Your business offers solutions to clients. Why not expand the scope of those solutions by adding complementary services? For example, if you are a freelance content provider, leverage your skills into areas such as website design and implementation. You can offer a turnkey project to fulfill the client’s initial requirements and then provide long-term support that translates into steady income.

Support Tangential Services

Your client may have needs that you can satisfy by supplying additional freelancers with a wide range of skills. If you are developing marketing projects for a small client, offer to supply a telephone salesperson to handle some of the leads your promotion generates.
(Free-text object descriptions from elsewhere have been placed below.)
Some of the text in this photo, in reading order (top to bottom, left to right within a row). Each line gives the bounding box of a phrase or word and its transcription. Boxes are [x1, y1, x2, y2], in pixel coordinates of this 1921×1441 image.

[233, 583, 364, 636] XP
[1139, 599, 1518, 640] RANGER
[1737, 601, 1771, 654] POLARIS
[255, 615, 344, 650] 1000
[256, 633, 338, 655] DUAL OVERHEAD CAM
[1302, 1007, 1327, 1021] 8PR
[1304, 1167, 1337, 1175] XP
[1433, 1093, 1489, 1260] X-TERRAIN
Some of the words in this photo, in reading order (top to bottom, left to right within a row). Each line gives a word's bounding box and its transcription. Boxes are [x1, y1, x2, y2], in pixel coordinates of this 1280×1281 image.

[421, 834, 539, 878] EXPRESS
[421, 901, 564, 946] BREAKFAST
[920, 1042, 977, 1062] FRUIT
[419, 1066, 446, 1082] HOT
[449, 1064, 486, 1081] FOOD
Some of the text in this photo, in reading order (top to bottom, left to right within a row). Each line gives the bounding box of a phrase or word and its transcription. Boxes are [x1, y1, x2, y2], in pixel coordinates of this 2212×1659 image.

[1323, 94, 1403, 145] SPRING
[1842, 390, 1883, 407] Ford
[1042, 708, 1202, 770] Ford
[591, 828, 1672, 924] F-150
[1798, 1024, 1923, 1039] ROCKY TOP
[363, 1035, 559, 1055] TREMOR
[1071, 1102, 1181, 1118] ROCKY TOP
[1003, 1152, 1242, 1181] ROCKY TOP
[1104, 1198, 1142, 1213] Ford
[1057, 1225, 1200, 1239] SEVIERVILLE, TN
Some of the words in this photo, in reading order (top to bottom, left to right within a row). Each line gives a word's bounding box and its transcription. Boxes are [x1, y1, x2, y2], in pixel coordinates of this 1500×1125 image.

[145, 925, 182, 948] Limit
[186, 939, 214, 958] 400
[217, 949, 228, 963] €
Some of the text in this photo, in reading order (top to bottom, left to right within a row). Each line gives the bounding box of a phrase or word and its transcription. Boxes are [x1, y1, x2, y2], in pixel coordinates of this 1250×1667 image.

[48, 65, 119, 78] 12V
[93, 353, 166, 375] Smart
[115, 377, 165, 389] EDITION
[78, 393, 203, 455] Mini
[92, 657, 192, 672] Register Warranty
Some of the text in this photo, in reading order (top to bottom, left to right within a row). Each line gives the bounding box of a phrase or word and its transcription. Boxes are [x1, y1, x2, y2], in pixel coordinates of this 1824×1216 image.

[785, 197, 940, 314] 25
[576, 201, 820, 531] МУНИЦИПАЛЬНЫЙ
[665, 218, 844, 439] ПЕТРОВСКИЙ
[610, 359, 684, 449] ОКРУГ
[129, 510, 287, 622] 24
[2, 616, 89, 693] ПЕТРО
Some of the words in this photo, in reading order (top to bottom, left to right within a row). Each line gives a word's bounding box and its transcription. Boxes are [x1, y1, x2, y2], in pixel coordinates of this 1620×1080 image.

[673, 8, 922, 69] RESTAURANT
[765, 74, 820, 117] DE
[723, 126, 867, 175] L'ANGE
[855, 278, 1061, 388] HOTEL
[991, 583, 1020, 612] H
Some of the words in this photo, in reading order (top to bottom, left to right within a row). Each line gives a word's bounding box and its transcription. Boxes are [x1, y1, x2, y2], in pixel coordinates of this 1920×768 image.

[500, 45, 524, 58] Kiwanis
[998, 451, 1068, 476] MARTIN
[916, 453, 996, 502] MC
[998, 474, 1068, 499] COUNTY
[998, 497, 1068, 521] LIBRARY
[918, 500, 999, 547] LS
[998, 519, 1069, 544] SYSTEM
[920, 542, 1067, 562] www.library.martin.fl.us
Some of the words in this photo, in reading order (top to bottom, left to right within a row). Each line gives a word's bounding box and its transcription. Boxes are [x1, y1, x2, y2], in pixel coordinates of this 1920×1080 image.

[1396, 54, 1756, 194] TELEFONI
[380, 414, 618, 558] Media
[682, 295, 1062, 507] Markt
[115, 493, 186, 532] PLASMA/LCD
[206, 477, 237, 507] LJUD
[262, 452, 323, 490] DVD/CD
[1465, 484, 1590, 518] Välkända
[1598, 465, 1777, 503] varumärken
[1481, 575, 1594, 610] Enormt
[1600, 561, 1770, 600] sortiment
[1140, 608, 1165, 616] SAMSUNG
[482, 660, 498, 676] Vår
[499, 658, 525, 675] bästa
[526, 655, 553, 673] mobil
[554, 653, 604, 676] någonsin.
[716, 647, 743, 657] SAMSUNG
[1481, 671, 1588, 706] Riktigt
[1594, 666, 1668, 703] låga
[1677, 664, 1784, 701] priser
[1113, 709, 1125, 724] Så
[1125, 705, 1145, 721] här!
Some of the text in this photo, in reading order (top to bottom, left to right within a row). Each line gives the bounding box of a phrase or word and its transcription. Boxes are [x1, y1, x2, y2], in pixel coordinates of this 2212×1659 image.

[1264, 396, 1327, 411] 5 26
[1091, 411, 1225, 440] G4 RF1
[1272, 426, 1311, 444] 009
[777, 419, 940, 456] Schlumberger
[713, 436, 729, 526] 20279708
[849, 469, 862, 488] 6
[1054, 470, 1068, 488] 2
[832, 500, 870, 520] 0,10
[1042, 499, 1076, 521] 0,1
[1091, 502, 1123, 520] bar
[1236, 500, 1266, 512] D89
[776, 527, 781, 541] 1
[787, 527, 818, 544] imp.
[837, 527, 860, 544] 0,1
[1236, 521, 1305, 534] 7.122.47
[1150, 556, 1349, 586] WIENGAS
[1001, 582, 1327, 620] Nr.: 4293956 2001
As a freelancer, you may be in a unique position to network with many others looking to expand their businesses and willing to subcontract services through you.

© Johanna Goodyear | Dreamstime Stock Photos

© Johanna Goodyear | Dreamstime Stock Photos

Commit Your Expertise to Print

Some freelancers provide high-priced professional services not affordable by all potential clients. However, you may be able sell these clients e-books, manuals and videos that layout your expertise in a series of systematic instructions. This not only increases the size of your target client base, it also burnishes your reputation as a guru. Depending on the type of project, you might be able to sell your knowledge for several hundred dollars a pop to clients who can’t afford to hire you directly.

Offer Courses

Some clients may prefer to bring you in to train their staffs. You can put together a set of training classes that you deliver as an adjunct or alternative to your main offering. By the way, did we mention that training is very lucrative?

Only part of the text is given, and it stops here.